(WHAT YOU ARE ASKED TO DO):
Each line of data below is to be returned exactly, leaving out any picture.

(PROVIDED ENTRIES):
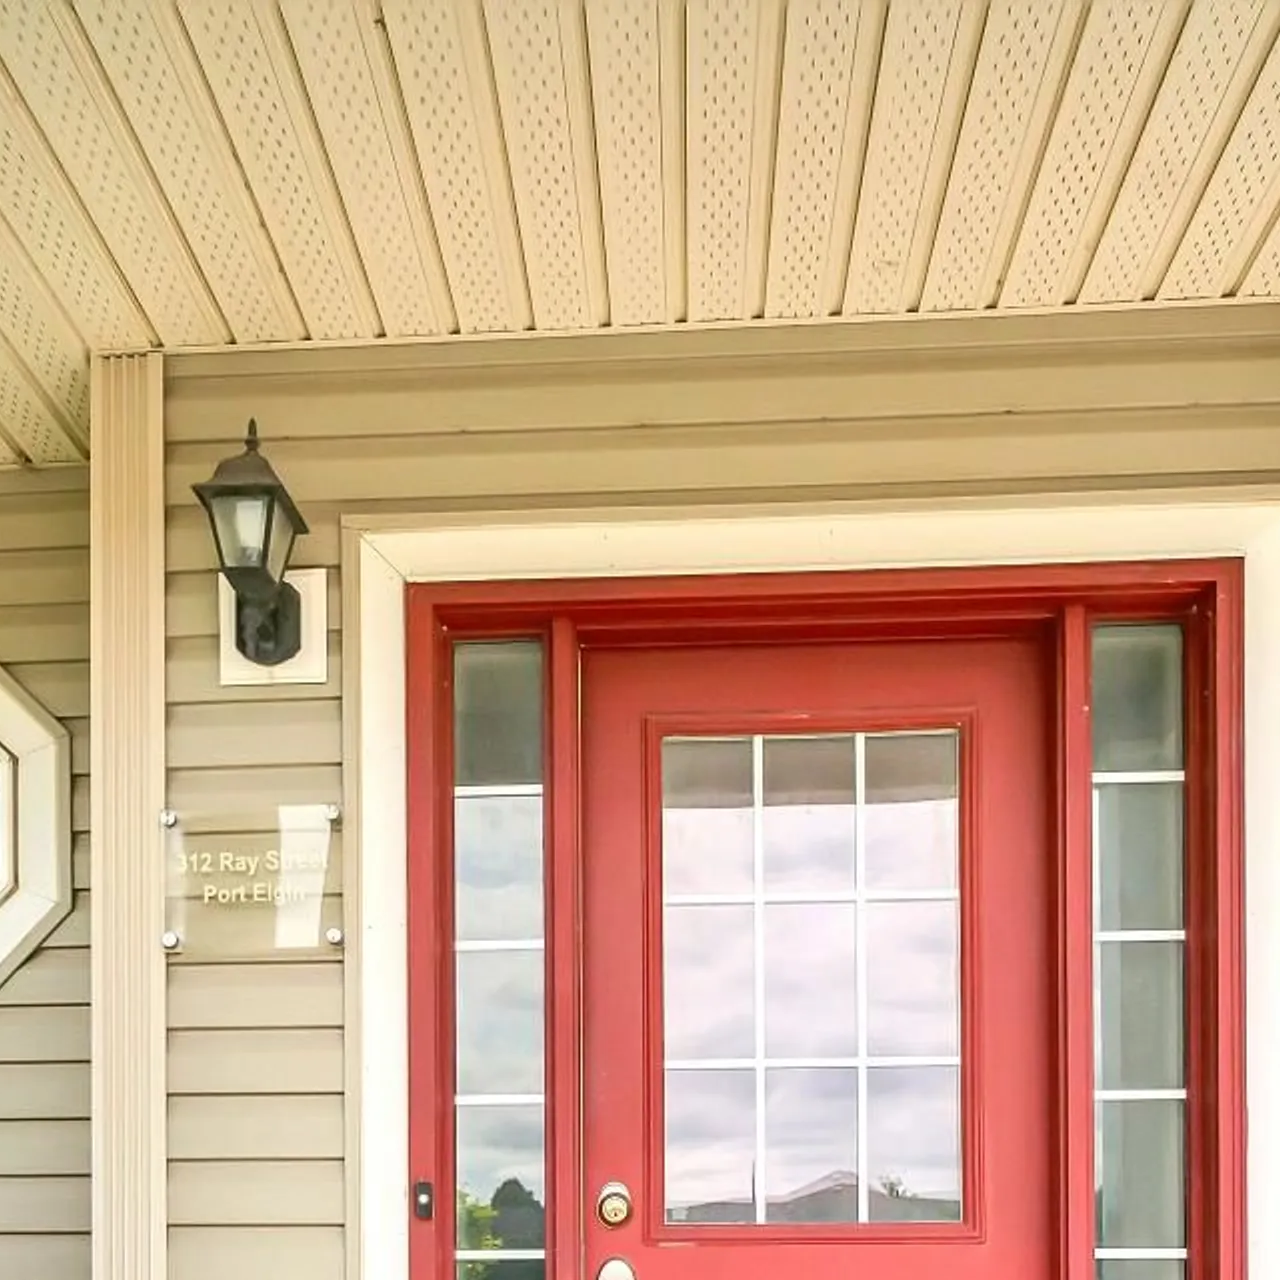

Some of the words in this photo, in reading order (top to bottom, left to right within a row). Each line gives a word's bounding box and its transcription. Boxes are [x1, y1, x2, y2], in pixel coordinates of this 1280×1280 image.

[219, 851, 259, 875] Ray
[203, 884, 247, 904] Port
[253, 881, 306, 906] Elgin
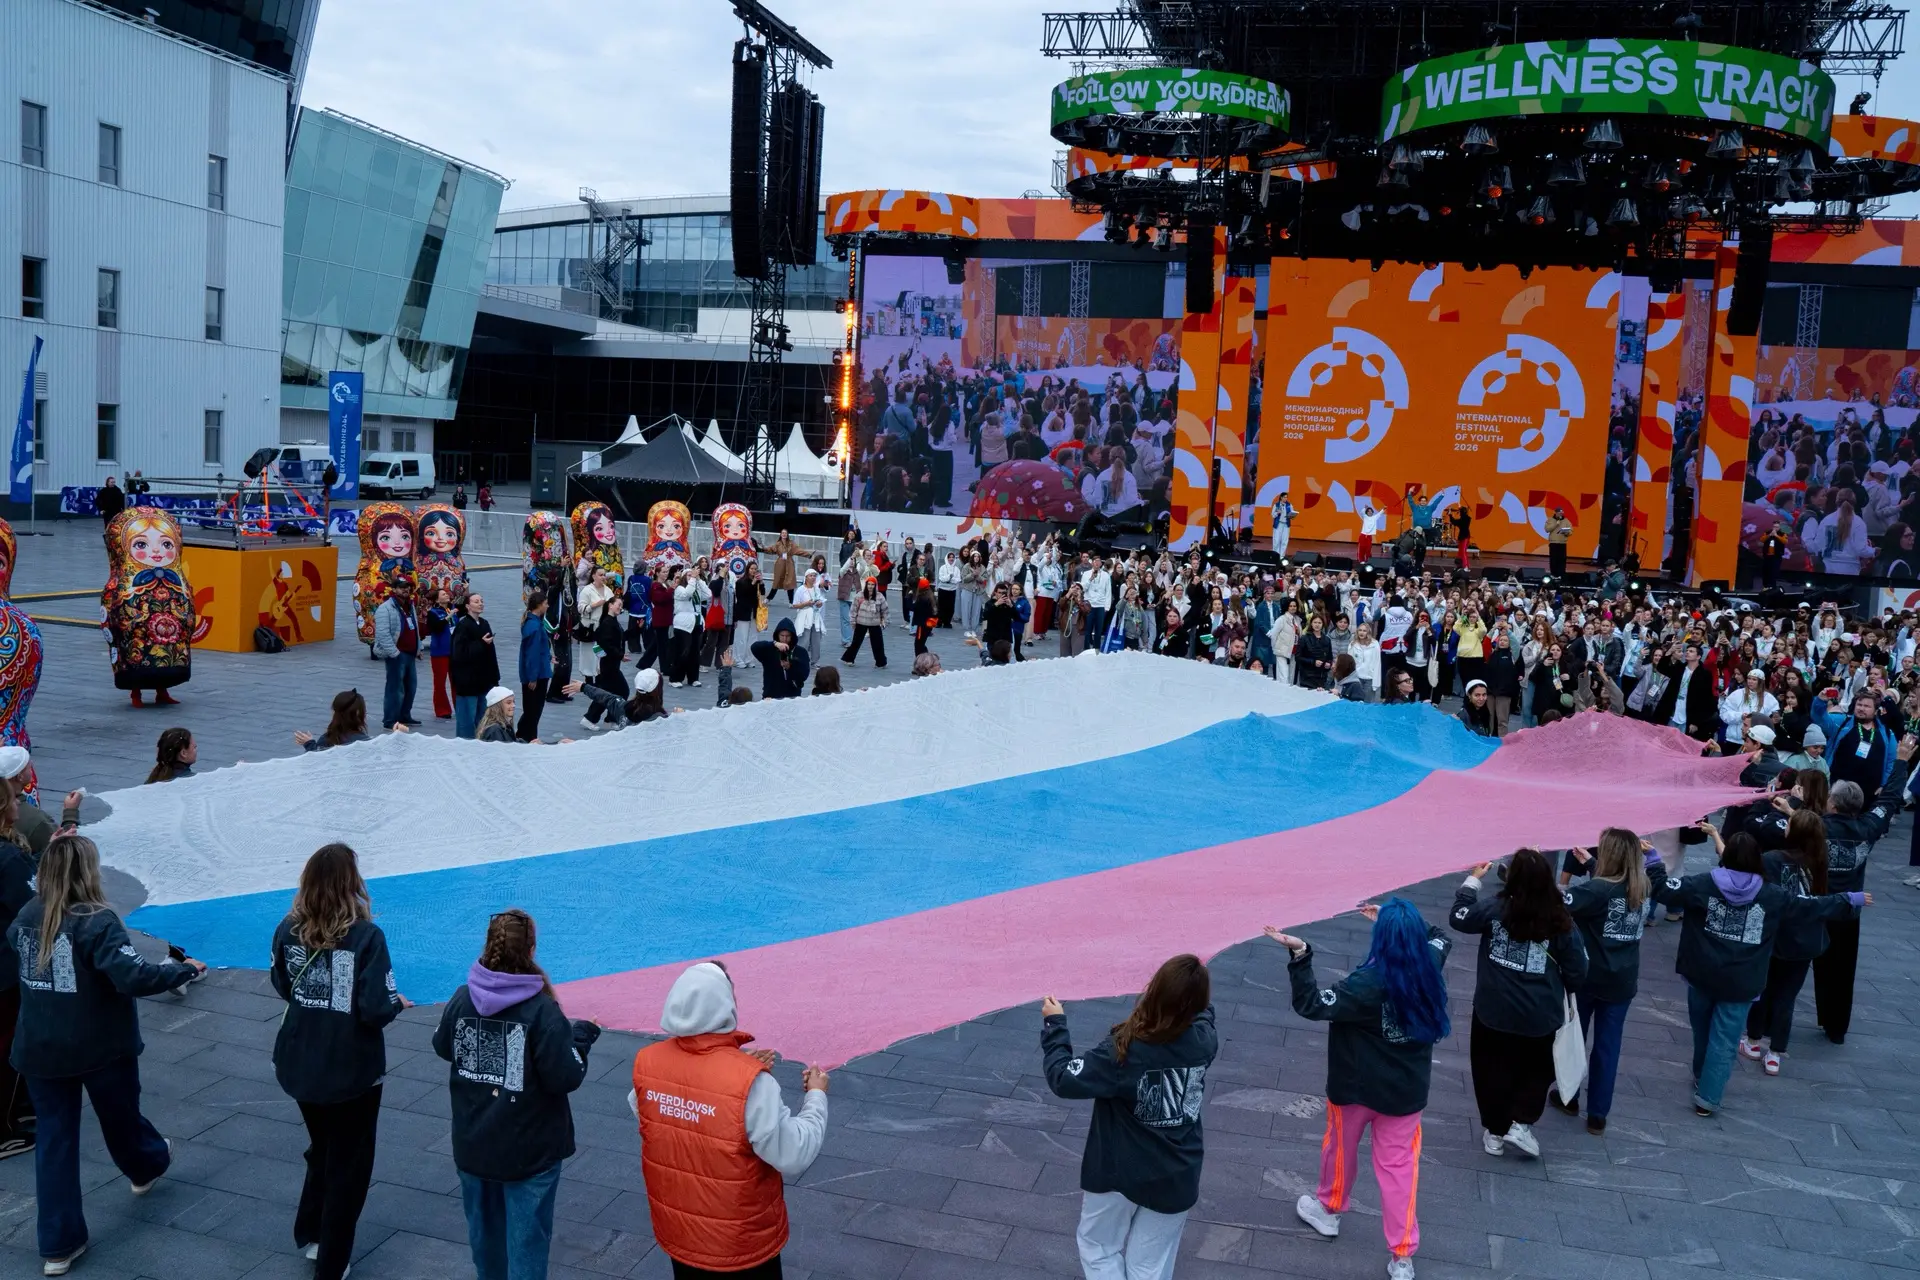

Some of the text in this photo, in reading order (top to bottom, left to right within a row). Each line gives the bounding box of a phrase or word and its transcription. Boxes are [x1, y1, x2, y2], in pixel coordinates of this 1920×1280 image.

(EXERCISE ANSWER):
Some of the words in this photo, in reading order (top to bottom, left to right within a row). Each line gives a word's bounding box and its transcription. Boxes are [x1, y1, x2, y2], in pixel coordinates of this 1280×1280 image.

[219, 851, 259, 875] Ray
[203, 884, 247, 904] Port
[253, 881, 306, 906] Elgin

Some of the text in this photo, in reading order (top to bottom, left to right within a row). Each line gives the bounding box of a phrase or word and its transcription. Boxes are [x1, y1, x2, y2], in pixel coordinates of this 1920×1280 image.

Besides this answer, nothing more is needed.